In the technology stack visualization picture below, we have connected segments which contain patents in common with the flow-ability segment. Notice that flow-ability is connected to several segments in the laundry category, but is also common to agricultural themes, foods, electronics, paper,lubricants and a few others. If our client's specialty detergents can assist with making the products flowable, we have discovered possible adjacent markets. Naturally, we can extend this type of analysis to many product feature areas to find adjacent markets.
You can see the larger version of this picture by logging into the model.

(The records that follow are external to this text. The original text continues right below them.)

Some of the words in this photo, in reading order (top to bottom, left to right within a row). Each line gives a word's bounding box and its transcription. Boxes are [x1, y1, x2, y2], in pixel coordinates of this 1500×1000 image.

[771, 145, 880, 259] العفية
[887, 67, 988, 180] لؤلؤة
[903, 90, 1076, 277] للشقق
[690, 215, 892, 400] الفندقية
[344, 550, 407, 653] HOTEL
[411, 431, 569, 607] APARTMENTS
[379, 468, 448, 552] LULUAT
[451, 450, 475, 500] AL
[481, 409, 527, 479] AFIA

We can even use the study database to identify key competitors in segments that may represent interesting adjacent markets. To see likely competitors we can use the company matrix table. On this table, segments are arrayed along the top and companies, organizations or inventors are displayed long the left. A white square indicates that the company in that row did not participate in the segment. Increasingly dark blue indicates more participation and red indicates the high level of participation.
The segment vs. organization table is useful to see where specific organizations participate. It can be used to find organizations that participate in more than one segment, the big, powerful competitors. It can also be used to find potential partners or acquisition opportunities that might smooth entry into an adjacent market space. With this information to start and a little additional research, a decision about participating in adjacent markets can be made with confidence.

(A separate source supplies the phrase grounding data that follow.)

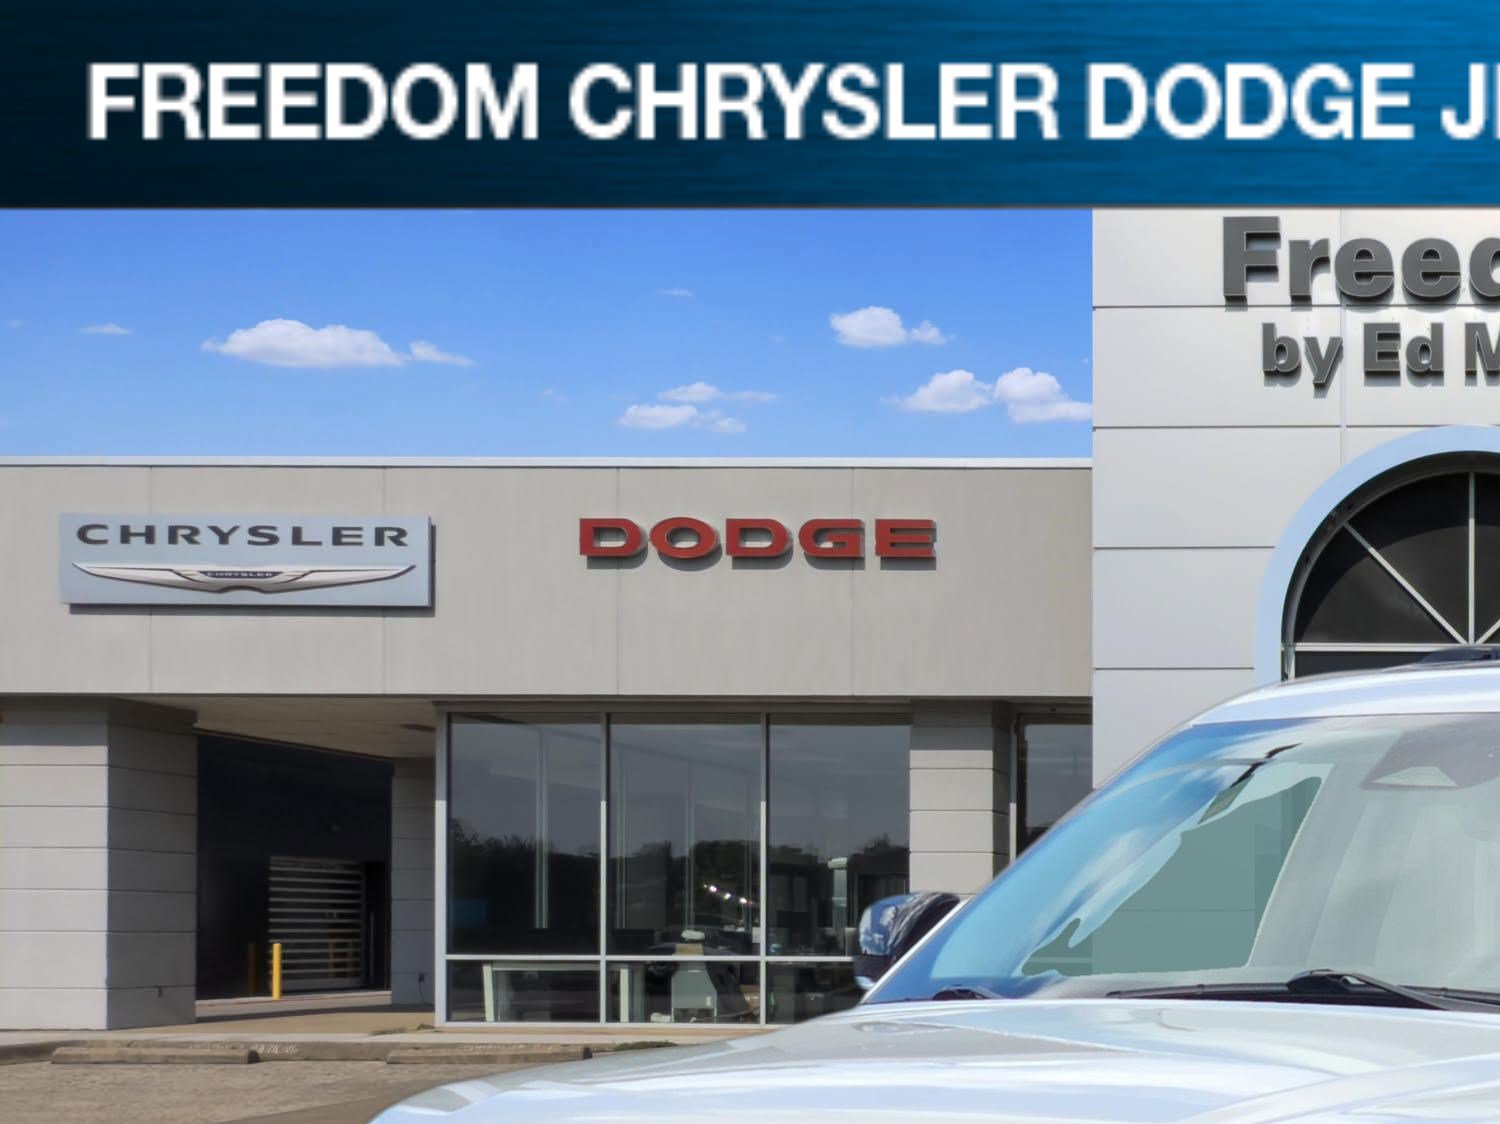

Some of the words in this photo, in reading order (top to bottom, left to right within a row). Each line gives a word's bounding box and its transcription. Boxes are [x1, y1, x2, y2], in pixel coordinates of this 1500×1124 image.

[1262, 322, 1343, 389] by
[1363, 322, 1444, 377] Ed
[76, 522, 408, 548] CHRYSLER
[579, 518, 934, 560] DODGE
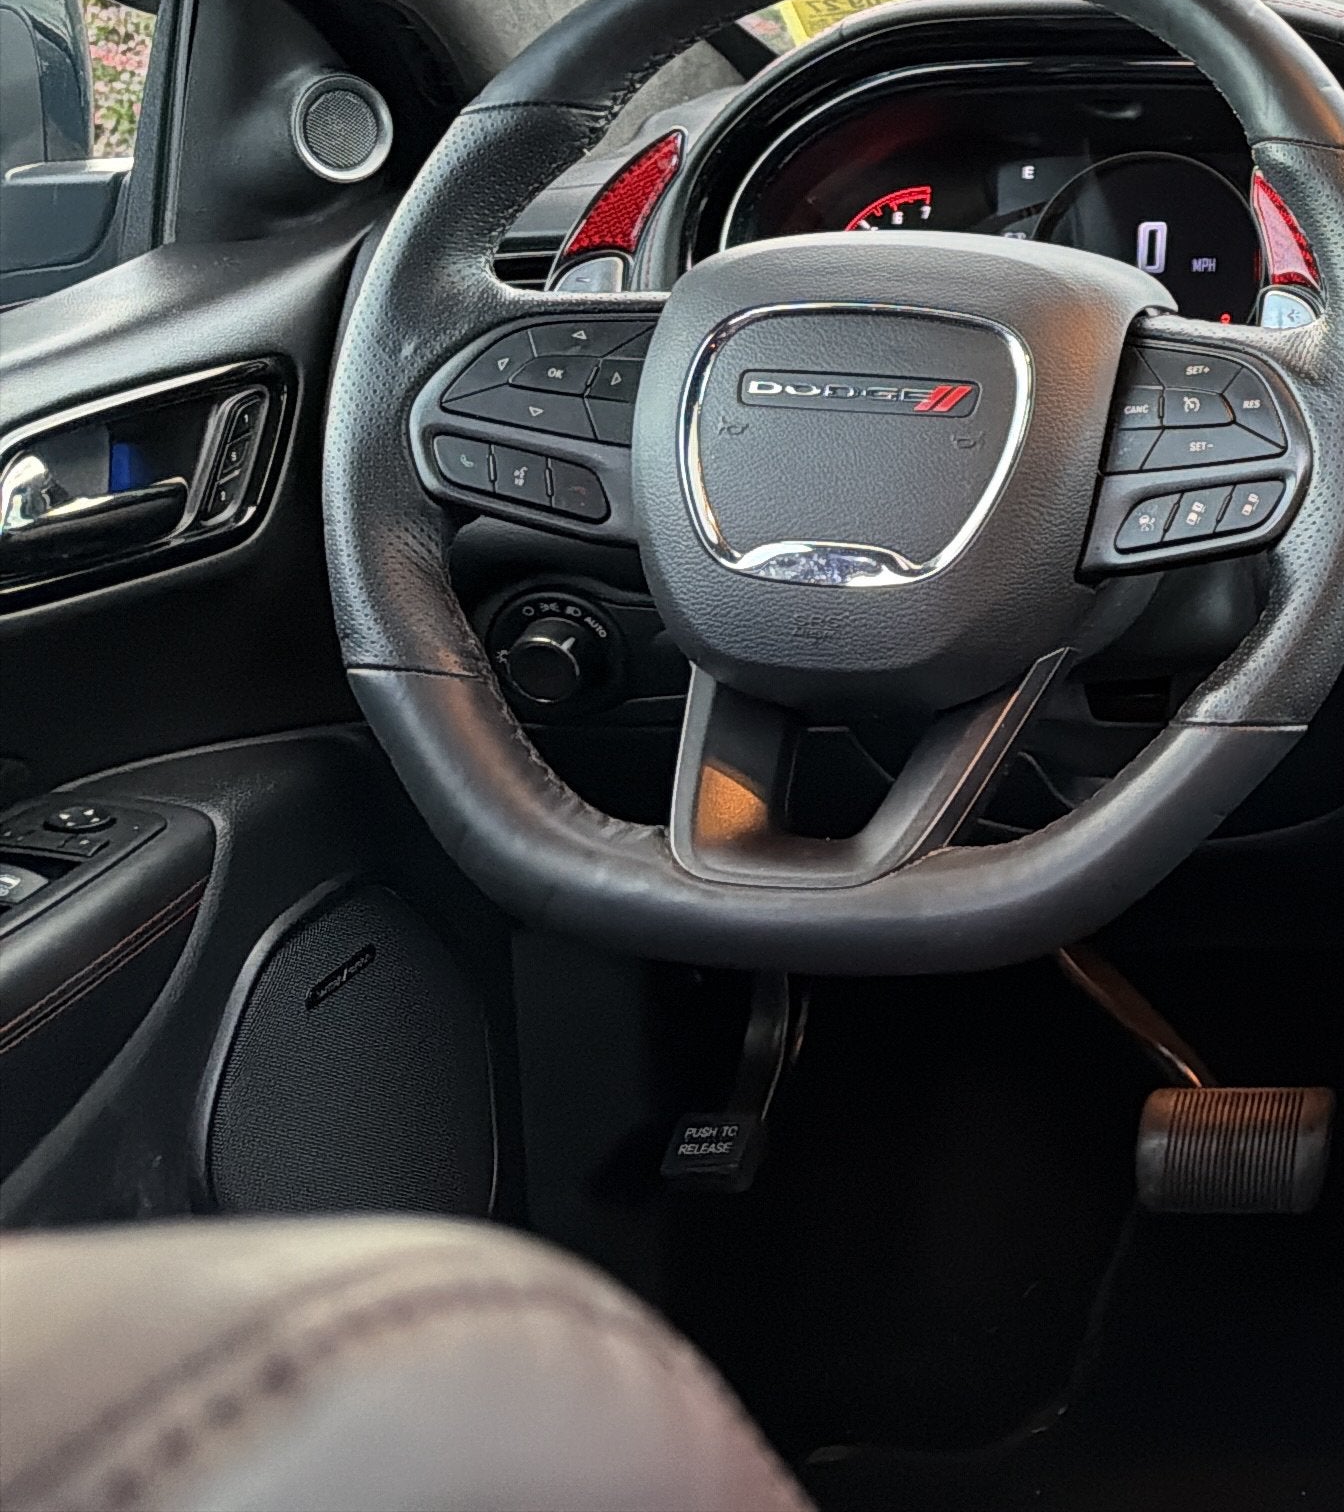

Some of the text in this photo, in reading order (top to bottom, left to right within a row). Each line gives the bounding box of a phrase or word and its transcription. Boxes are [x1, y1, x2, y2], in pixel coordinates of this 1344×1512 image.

[1021, 165, 1035, 180] E
[1136, 220, 1168, 274] 0
[1191, 257, 1217, 273] MPH
[547, 368, 564, 379] OK
[747, 380, 930, 403] DODGE
[1124, 404, 1150, 415] CANC
[1242, 399, 1261, 409] RES
[584, 616, 608, 638] AUTO
[684, 1125, 739, 1143] PUSH TO
[677, 1141, 733, 1156] RELEASE

You can browse the complete company matrix for this study by logging into the model through the model access form.
EVALUATE AND DISCUSS ADJACENT MARKET CHOICES. THEN DECIDE. For our client company, the analysis identified several possible new markets and provided enough information to prioritize further investigations.
Cosmetics The client participated in this area somewhat, but a few new possibilities were identified.
Inks Inks and ink-jet methods are a high-tech industry with specific needs that a specialty manufacturer could meet. However, the volume of detergent employed is very small, an economic barrier for a detergent maker.
Cement The idea that cement could be an outlet for a detergent maker was a surprise for both client and analyst. Further study is needed to determine if our client manufacturer can meet the needs of this area.
Fuels & Gasoline Gasoline and other fuels include detergents. The client makes detergents with no sulfur and on combustion could yield carbon dioxide and water, a potential non-polluting advantage. Additional study was needed to verify the assumptions.
Agriculture Laundry detergents and agricultural pesticides have at least some delivery features in common. For example, both must flow easily and detergents can play a role in forming the particles needed for delivery. This area was also an unexpected adjacent market and needs additional study to determine if our clients manufacturer can meet the needs of this area.
THE DECISION AND ACTION At this point, several new options have become clear. What remains is to decide what to do and to build a team to make it happen.
SUMMARY Identification of useful adjacent markets using technology mapping is a business process that does not need to involve guesswork. Adjacent markets fall naturally out of analysis of a technology landscape. The process outlined for identifying adjacent markets can also reveal partnering, licensing or acquisition opportunities. It can also be used to identify opportunities for licensing intellectual property.